Top of The data

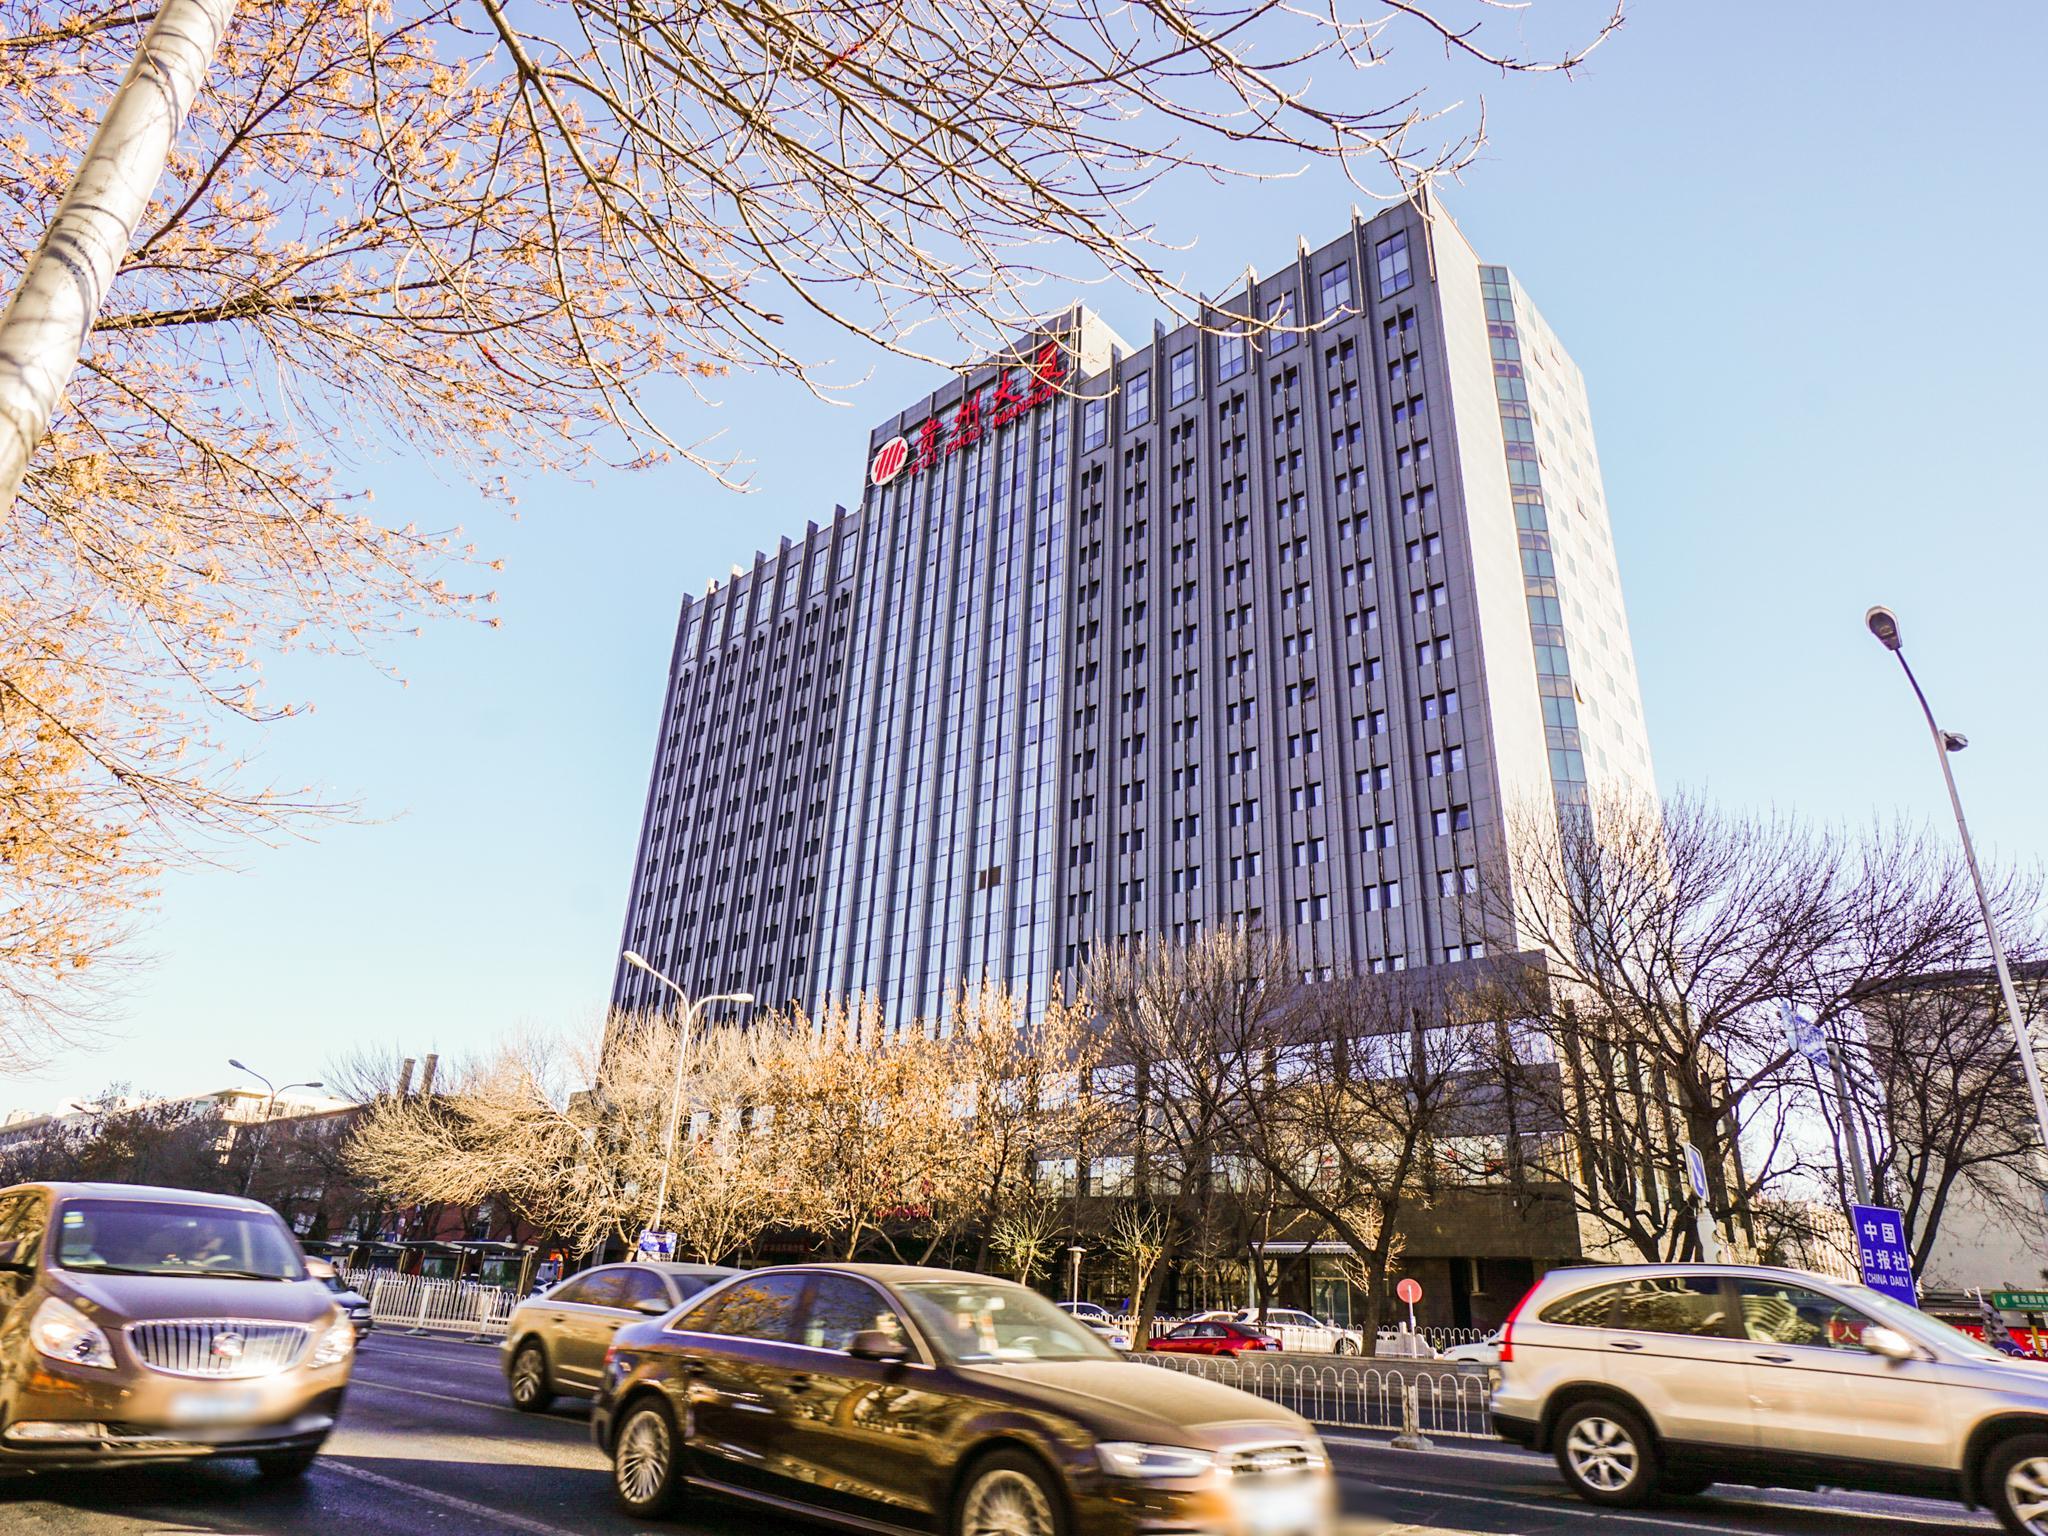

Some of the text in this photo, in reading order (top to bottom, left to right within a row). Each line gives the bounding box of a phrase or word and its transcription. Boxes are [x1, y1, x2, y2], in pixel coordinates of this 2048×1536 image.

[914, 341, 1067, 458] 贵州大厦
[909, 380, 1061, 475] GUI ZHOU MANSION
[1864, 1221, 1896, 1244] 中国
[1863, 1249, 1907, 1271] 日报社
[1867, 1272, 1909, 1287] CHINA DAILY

Bottom of The data

■ **Work to be completed**
Take the listing above and restate it word for word, without its pictures.

■ **Answer for the task**
Some of the text in this photo, in reading order (top to bottom, left to right within a row). Each line gives the bounding box of a phrase or word and its transcription. Boxes are [x1, y1, x2, y2], in pixel coordinates of this 2048×1536 image.

[914, 341, 1067, 458] 贵州大厦
[909, 380, 1061, 475] GUI ZHOU MANSION
[1864, 1221, 1896, 1244] 中国
[1863, 1249, 1907, 1271] 日报社
[1867, 1272, 1909, 1287] CHINA DAILY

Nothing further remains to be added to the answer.